The Pennsylvania Liquor Control Board recently awarded The Lincoln University with a $40,000 grant to further the institution’s efforts to educate students on the dangers of alcohol abuse and discourage underage drinking.
More than 100 municipalities, community groups, schools, universities and law enforcement agencies applied for a share of the board’s $2.1 million program, of which Lincoln received the maximum allotment.
“The effects of alcohol and drugs on our young people are an unmistakably adverse one,” said Dr. Robert R. Jennings, president of The Lincoln University, who instituted a dry campus and zero-tolerance policy for alcohol and drugs after his arrival in January 2012. “And the mission of our students is simply too important to be compromised.”

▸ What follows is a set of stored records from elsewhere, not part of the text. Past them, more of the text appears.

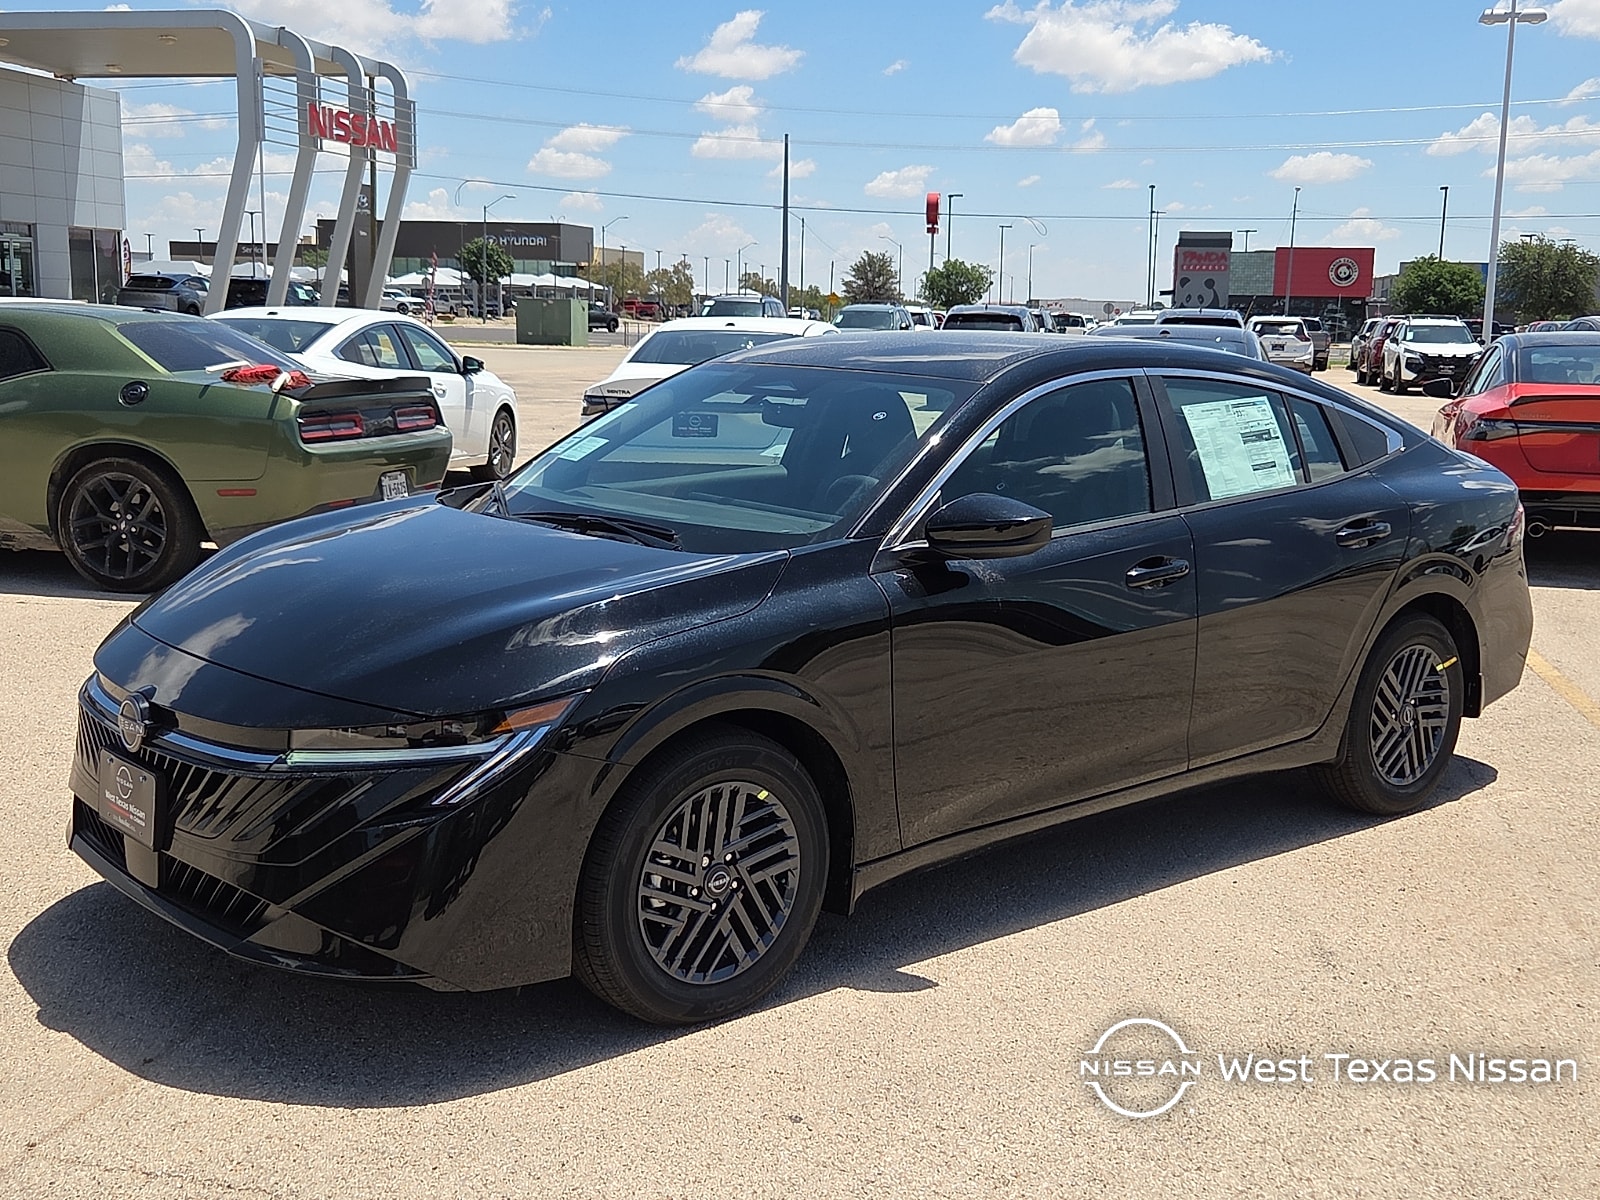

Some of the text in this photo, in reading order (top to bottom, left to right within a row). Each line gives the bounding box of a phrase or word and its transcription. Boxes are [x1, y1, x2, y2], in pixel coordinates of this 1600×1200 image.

[307, 102, 397, 153] NISSAN
[500, 236, 547, 246] HYUNDAI
[1182, 251, 1228, 263] PANDA
[116, 776, 134, 790] NISSAN
[105, 789, 146, 820] West Texas Nissan

Twenty college and university grants, which will be paid over a two-year-period, will help schools develop strategies to reduce underage and dangerous alcohol use, including enforcement efforts; social norms campaigns to change how students think about alcohol and binge drinking; Brief Alcohol Screening and Intervention for College Students (BASICS), which is a program to help those students who drink heavily make less risky alcohol-use decisions; and college alcohol risk assessments of the campus and surrounding areas to identify alcohol-related issues.
“This year, we increased the maximum grant award to $40,000 and gave organizations an extra year to implement their programs,” said Joseph E. Brion, PLCB chairman. “Our goal is to give those involved in the prevention of underage and dangerous drinking the time and financial resources needed to make a significant impact on the health and safety of their communities.”
Since 1999, the PLCB has awarded more than $10 million in grants, sponsoring alcohol education and prevention programs targeted at legal and underage audiences at over 250 schools, colleges, law enforcement departments and community organizations throughout Pennsylvania.
“There is a very negative perception that reckless consumption of alcohol and college students is supposed to go hand in hand,” said Dr. Lenetta Lee, associate vice president for student affairs and dean of students, who wrote the grant. “This investment by the Pennsylvania Liquor Control Board will enable our students to both analyze and challenge these perceptions through innovational and strategic learning initiatives.”